United States District Court, D. New Mexico

January 2, 2019

GERALD ULIBARRI, Plaintiff,
v.
SOUTHLAND ROYALTY COMPANY, LLC, Defendant.

          MEMORANDUM OPINION AND ORDER

          ROBERT C. BRACK SENIOR U.S. DISTRICT JUDGE

         This matter is before the Court on Plaintiff Gerald Ulibarri's Motion for Leave to File a Second Amended Class Action Complaint. (Doc. 60.) Having reviewed the submissions of counsel and relevant law, the Court will grant Plaintiff's Motion and allow Plaintiff until January 16, 2019, to file his Second Amended Class Action Complaint.

         I. Background

         This case originally reached the Court in March 2016, when Defendant Southland removed Mr. Ulibarri's original class action complaint. (Doc. 1 at 1.) The original complaint alleged breach of contract, breach of implied duty to market, and violations of the New Mexico Oil and Gas Proceeds Payment Act. (Doc. 1-1 at 8-12.) The claims were based on allegations that Southland had been underpaying royalties to leaseholders by improperly deducting from their royalty payments proportionate shares of: (1) the New Mexico Natural Gas Processor's Tax, and (2) the post-production costs of processing and otherwise making natural gas marketable for sale. (Id. at 5-8.) In July 2016, the Court denied Plaintiff's motion to certify dispositive questions on these two issues to the New Mexico Supreme Court. (Doc. 25.) The matter was stayed pending the resolution of Anderson Living Trust v. Energen Resources Corp., a Tenth Circuit case addressing nearly identical issues and many of the same lease agreements. See 879 F.3d 1088 (10th Cir. 2018), amended and superseded on reh'g, 886 F.3d 826 (10th Cir. 2018). (See also Doc. 30.) In early 2018, the Tenth Circuit resolved Energen, [1] holding that production companies can pass along to leaseholders a proportionate share of the Natural Gas Processors Tax. 886 F.3d at 831. In addition, the court held that the “marketable condition rule” does not apply in New Mexico-meaning Energen can “deduct[] from [leaseholders'] royalty payments their proportionate share of post-production costs-those costs necessary to make the gas marketable.” Id.

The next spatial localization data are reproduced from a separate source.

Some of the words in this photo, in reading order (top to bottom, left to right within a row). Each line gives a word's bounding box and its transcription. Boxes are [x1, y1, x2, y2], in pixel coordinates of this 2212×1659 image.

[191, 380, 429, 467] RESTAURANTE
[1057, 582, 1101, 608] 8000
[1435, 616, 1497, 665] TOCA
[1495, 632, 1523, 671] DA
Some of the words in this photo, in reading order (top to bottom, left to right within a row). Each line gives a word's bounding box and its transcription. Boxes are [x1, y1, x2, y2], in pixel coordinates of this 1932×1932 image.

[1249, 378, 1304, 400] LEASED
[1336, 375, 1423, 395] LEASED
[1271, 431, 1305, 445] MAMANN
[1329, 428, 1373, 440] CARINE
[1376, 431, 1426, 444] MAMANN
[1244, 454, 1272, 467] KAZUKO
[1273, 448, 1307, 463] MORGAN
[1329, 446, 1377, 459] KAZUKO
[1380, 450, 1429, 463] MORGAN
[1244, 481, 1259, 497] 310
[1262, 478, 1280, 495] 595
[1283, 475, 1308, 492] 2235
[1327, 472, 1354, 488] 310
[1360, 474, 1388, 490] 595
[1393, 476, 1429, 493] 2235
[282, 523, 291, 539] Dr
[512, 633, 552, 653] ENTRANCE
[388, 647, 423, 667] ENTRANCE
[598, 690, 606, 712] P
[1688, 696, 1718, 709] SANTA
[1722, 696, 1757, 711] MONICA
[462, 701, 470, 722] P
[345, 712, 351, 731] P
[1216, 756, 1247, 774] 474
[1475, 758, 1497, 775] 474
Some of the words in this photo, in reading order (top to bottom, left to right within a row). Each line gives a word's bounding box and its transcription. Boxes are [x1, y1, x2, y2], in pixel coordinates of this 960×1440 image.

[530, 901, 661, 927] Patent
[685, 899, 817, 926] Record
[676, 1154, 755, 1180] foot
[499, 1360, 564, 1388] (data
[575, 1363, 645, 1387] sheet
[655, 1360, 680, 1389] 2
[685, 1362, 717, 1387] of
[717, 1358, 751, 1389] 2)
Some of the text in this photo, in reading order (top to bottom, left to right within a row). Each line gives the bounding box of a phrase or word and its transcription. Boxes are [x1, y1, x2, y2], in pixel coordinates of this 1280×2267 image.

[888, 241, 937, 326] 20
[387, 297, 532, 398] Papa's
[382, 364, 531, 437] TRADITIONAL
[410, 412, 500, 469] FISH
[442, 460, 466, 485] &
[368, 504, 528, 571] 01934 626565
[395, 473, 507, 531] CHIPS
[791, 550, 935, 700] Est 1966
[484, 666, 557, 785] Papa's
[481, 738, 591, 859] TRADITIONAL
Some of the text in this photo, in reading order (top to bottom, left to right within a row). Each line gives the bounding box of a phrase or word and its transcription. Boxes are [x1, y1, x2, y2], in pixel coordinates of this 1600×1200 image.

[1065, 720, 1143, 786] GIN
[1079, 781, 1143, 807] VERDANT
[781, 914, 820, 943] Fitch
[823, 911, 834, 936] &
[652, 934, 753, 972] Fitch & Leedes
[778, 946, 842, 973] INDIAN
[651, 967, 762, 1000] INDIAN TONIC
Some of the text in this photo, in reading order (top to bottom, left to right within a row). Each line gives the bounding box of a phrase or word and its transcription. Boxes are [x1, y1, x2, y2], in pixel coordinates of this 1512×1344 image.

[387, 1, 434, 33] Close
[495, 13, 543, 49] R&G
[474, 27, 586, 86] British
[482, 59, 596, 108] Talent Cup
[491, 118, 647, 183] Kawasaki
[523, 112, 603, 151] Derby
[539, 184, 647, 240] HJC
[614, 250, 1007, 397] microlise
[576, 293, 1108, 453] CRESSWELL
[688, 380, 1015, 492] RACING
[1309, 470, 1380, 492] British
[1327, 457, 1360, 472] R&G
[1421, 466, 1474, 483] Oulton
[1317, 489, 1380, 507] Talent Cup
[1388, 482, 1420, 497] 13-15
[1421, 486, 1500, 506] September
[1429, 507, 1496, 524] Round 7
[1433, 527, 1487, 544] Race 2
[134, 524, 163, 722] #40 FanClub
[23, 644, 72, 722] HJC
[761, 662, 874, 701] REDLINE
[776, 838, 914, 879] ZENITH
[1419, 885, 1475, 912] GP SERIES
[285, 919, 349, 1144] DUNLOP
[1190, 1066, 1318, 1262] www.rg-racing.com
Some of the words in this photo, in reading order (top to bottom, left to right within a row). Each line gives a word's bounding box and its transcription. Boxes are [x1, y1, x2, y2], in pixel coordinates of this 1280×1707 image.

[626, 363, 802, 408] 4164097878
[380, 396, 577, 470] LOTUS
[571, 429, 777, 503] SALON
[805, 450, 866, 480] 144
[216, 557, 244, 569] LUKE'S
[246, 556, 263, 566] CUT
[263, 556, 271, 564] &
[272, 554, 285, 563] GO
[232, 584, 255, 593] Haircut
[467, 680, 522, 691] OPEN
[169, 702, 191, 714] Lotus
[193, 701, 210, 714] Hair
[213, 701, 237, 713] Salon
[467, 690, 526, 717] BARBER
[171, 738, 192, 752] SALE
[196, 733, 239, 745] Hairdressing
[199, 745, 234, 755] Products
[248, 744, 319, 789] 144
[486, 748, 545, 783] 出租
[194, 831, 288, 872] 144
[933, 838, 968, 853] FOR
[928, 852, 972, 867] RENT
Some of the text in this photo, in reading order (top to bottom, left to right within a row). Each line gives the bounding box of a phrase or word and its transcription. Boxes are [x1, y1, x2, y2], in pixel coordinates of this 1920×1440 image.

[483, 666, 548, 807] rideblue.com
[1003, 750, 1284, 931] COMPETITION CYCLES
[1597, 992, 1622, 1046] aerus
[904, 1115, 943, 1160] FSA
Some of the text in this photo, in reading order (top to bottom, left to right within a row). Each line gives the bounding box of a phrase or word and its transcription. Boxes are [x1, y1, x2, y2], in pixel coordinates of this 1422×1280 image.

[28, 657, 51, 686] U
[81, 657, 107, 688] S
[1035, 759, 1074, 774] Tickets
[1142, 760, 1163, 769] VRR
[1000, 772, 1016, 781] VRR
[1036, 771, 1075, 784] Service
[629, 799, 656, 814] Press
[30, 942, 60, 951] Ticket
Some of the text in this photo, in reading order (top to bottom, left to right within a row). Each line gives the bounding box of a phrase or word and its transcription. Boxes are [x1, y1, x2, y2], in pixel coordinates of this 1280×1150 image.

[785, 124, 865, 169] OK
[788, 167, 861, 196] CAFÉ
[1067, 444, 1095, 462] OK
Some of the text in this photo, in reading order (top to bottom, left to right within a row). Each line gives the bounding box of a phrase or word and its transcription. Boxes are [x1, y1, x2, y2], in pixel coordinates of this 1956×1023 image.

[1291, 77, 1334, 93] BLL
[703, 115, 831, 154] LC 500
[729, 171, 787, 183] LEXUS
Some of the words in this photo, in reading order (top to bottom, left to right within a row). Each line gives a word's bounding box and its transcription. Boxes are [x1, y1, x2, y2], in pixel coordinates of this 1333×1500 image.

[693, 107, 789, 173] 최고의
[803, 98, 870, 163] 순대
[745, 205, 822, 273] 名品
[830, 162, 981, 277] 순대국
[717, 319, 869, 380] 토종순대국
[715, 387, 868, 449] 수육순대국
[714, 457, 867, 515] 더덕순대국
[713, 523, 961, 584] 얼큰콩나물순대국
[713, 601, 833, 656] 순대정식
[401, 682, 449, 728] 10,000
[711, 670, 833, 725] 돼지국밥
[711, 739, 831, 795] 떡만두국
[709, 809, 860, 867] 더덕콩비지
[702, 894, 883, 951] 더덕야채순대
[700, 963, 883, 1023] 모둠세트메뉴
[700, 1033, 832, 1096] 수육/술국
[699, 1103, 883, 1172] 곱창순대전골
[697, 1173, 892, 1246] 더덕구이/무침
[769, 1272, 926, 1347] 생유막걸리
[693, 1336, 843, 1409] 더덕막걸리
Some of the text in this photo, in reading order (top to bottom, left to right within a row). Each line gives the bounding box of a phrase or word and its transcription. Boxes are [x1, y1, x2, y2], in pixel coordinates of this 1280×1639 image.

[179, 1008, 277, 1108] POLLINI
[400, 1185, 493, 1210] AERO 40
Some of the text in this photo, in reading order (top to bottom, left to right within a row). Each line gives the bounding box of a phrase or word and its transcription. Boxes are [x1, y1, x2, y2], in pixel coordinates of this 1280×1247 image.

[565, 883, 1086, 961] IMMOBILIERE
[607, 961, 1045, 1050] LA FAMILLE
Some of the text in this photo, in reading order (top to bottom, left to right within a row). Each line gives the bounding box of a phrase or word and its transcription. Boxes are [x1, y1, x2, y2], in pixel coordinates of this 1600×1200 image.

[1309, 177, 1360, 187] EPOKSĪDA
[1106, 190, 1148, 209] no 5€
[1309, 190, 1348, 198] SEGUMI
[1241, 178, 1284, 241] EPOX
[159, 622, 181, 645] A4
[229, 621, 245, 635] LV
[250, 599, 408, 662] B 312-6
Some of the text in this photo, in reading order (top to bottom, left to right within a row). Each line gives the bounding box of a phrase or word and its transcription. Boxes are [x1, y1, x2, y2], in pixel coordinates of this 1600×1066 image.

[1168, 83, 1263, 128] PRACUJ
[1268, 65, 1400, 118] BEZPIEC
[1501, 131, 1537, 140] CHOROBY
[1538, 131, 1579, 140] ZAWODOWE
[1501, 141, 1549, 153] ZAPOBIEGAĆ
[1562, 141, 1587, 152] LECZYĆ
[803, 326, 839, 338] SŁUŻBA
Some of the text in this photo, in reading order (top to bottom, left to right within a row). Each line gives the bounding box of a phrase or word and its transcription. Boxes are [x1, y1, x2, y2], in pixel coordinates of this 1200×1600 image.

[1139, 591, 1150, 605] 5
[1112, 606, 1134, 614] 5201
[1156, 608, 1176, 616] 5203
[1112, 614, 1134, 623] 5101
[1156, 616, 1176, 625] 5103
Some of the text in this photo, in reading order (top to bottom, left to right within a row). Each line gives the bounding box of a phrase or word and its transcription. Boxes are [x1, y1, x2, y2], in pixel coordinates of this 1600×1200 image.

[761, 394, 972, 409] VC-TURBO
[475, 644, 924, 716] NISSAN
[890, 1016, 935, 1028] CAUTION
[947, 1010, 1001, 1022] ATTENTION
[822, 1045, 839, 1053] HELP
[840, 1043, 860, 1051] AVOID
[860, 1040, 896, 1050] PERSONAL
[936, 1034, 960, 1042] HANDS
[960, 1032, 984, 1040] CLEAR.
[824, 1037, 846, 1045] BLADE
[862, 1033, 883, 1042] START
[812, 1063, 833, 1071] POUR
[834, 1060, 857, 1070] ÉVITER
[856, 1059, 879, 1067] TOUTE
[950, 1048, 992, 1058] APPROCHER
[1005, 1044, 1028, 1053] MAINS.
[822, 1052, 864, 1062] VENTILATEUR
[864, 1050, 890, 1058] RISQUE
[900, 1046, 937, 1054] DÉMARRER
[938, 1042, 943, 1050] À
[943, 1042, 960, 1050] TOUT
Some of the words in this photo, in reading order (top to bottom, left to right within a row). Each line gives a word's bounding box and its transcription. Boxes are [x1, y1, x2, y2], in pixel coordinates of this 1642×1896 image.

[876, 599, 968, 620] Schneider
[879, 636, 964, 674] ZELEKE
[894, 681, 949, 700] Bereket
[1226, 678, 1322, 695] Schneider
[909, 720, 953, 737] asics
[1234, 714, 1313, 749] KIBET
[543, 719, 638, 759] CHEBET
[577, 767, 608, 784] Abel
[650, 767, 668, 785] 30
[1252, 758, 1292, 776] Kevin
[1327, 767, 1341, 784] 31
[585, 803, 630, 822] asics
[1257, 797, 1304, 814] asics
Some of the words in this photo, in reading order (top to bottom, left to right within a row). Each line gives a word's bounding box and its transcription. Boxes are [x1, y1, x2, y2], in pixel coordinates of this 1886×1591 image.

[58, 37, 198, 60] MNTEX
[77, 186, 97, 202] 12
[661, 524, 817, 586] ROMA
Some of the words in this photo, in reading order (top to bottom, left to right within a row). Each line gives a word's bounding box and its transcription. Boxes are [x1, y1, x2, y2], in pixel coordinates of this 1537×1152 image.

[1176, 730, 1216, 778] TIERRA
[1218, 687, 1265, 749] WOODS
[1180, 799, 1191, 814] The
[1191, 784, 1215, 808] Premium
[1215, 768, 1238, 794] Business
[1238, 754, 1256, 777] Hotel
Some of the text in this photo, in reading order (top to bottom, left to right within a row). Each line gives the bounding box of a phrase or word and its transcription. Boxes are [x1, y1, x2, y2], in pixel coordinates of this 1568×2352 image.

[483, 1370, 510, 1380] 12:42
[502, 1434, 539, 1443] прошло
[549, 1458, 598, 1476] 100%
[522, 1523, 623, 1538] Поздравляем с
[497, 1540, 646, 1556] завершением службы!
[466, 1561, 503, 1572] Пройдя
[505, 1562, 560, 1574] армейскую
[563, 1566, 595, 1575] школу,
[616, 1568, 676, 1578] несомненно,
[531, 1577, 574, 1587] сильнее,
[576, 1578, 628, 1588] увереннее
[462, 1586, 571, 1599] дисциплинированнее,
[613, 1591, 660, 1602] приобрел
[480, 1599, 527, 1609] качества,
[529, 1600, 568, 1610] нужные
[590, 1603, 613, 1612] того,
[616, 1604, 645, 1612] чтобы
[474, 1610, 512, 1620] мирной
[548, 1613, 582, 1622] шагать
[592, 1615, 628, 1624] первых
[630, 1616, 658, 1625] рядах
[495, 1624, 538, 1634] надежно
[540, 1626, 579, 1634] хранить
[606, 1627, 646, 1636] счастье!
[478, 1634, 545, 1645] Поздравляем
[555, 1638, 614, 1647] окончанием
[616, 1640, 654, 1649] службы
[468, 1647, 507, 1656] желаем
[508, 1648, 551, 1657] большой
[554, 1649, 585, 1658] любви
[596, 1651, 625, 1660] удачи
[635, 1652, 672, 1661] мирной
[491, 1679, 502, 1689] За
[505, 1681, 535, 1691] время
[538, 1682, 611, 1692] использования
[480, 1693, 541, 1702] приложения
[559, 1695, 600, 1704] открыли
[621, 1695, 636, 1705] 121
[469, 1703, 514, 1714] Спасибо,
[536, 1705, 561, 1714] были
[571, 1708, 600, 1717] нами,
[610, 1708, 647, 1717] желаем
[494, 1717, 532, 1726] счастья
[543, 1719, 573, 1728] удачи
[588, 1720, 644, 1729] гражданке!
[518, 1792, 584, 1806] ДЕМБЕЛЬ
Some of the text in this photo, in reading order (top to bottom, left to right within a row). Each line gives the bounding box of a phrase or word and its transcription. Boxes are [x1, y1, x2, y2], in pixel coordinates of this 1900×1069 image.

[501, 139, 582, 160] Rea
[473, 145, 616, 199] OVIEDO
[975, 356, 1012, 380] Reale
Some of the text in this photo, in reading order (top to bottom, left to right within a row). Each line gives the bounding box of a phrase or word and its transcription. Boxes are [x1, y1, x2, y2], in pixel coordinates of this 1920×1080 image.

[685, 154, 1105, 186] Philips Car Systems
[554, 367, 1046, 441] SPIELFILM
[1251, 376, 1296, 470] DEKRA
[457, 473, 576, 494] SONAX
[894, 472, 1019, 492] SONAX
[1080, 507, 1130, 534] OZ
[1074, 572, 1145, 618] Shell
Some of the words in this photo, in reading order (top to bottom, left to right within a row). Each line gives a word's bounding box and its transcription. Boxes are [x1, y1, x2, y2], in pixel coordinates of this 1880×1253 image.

         Following the decision in Energen, Plaintiff filed his First Amended Complaint, which made two significant changes to the definition of the proposed class and his claims against Southland. (Doc. 41.) First, Plaintiff excluded from the proposed class definition any individuals or entities whose lease agreements provide for royalty payments based on “market value at the well, ” “the prevailing field market price, ” or any other agreement language stating that value should be calculated “at the well.” (Id. at 1.) This change was based on Plaintiff's belief that the holding in Energen narrowly applies to only certain types of leases, and thus allows the deduction of post-production costs only insofar as that deduction is necessary to calculate the value of the gas “at the well.” (See Doc. 37 at 2-3.)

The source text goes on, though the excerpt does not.